Editorial: Sen. Berger should back the governor's plan
Monday, May 18, 2020 -- North Carolina needs just one person in charge. Voters made a clear choice with more than 2.3 million voting to put Roy Cooper in charge. He is North Carolina's CEO. It is past time for Sen. Phil Berger to support the governor's plan confronting the COVID-19 pandemic and help make it successful. If not, just get out of the way.
Posted — UpdatedHe’s got a fancy corner office on Jones Street in downtown Raleigh. He has a vast staff ready to leap to his every want and need. The government – and campaign contributors – pay for his living expenses. Reporters are at the ready to record and disseminate his every utterance. He can order millions in state spending.
With all those trappings, and more, we can understand why state Sen. Phil Berger is acting like North Carolina’s governor. But he isn’t. We have a governor and it is Roy Cooper.
In recent days Berger has taken to issuing releases telling (demanding?) the governor to give counties the power to prematurely open restaurants, barbershops and grooming salons. He says it is OK to advise religious congregations that it is OK to hold indoor worship services.
Berger’s reasoning? Other states, including those neighboring North Carolina are doing it?
What is so smart about following the examples of: Georgia where COVID-19 fatalities are 15 per 100,000; Virginia where deaths are 10 per 100,000; South Carolina where it’s 7 per 100,000 -- compared to North Carolina’s 6 per 100,000?
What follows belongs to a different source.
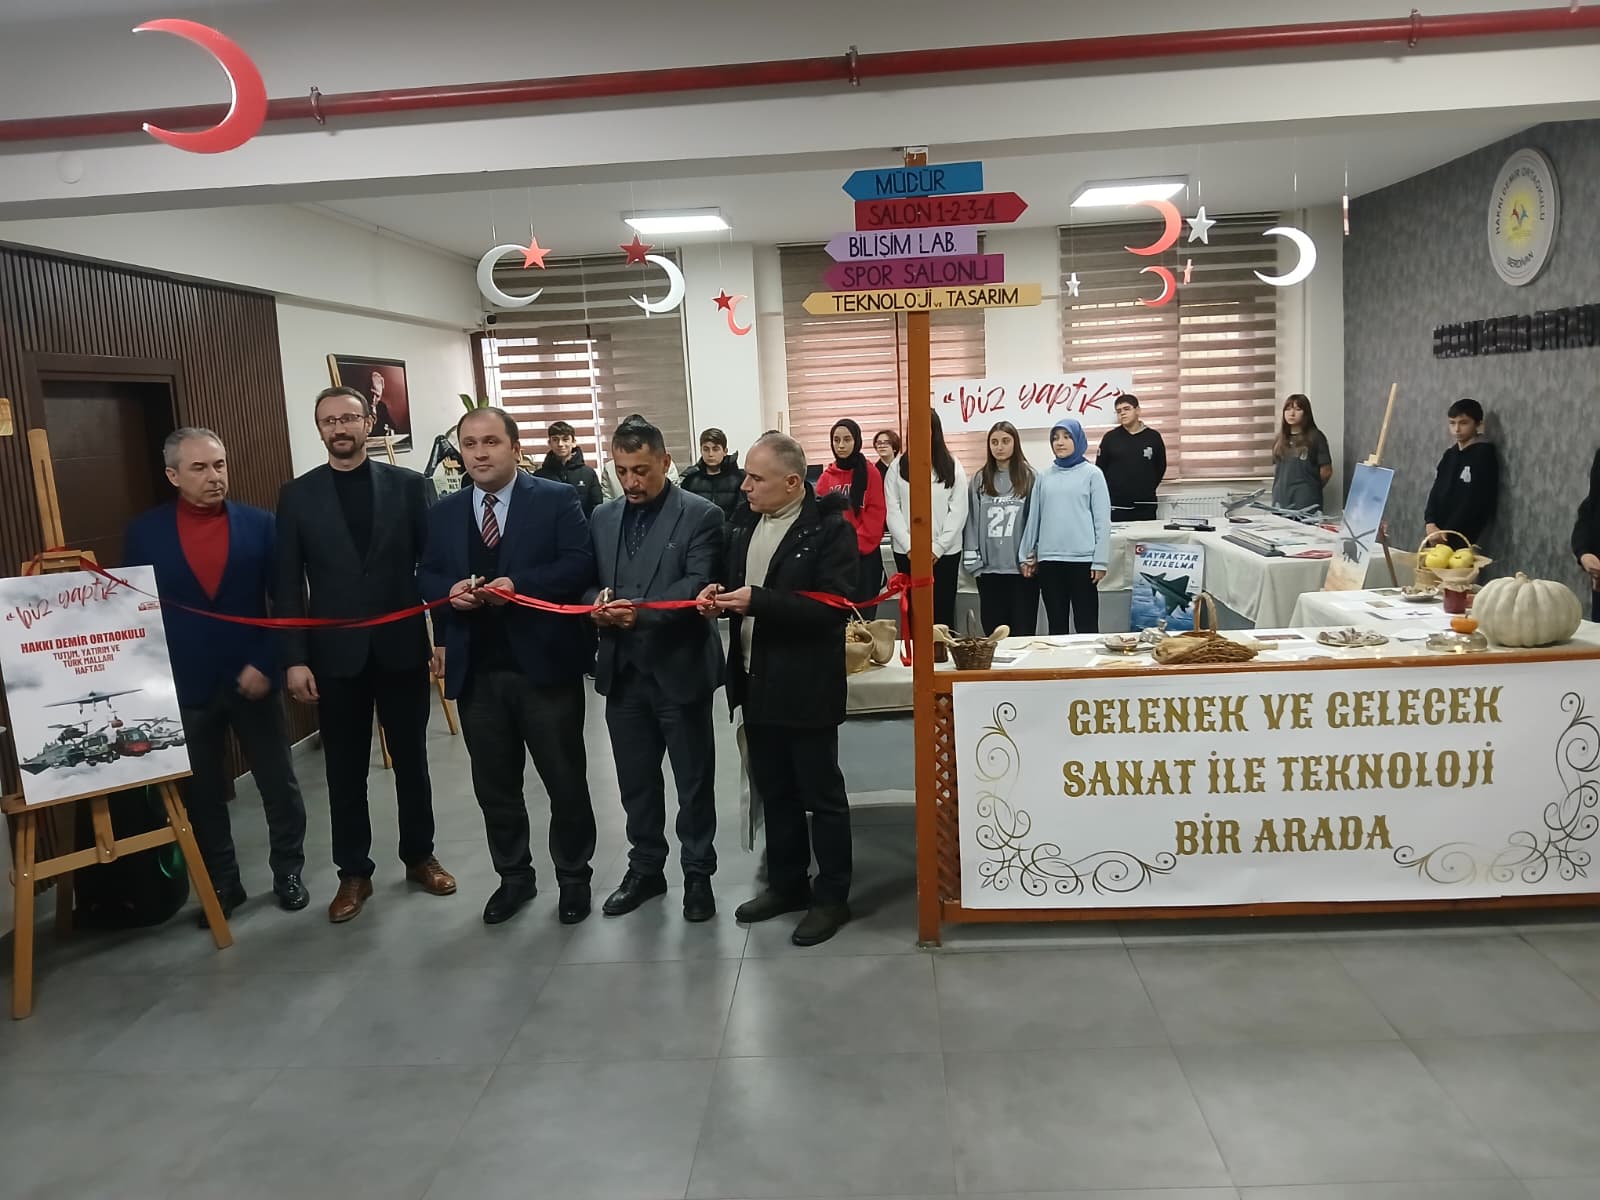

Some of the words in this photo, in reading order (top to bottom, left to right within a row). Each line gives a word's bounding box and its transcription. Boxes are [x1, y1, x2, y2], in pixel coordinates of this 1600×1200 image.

Cooper has developed and articulated a plan for confronting the COVID-19 pandemic in North Carolina. He has set out clear steps and goals to be met, so various sectors of our economy and society can, when appropriate, reopen in a measured way. At least three recent statewide polls show North Carolina voters overwhelmingly back Cooper’s approach – including a very substantial portion of Republicans.
Meanwhile Berger, in an effort motivated for partisan political advantage by agitating his political base, looks to erect impediments and foment dissension to Cooper’s plans.
Since 2011 Berger has had a near singular focus on consolidating power for himself by any means available, enshrining a partisan political advantage. At nearly every turn, courts – or the voters – have rejected many of those efforts.
Now, it’s not just about winning political advantage. It is life and death. Real leaders have plans not merely slogans, disruptions and defiance.
It is past time for Berger to support the governor’s plan and help make it successful. If not, just get out of the way.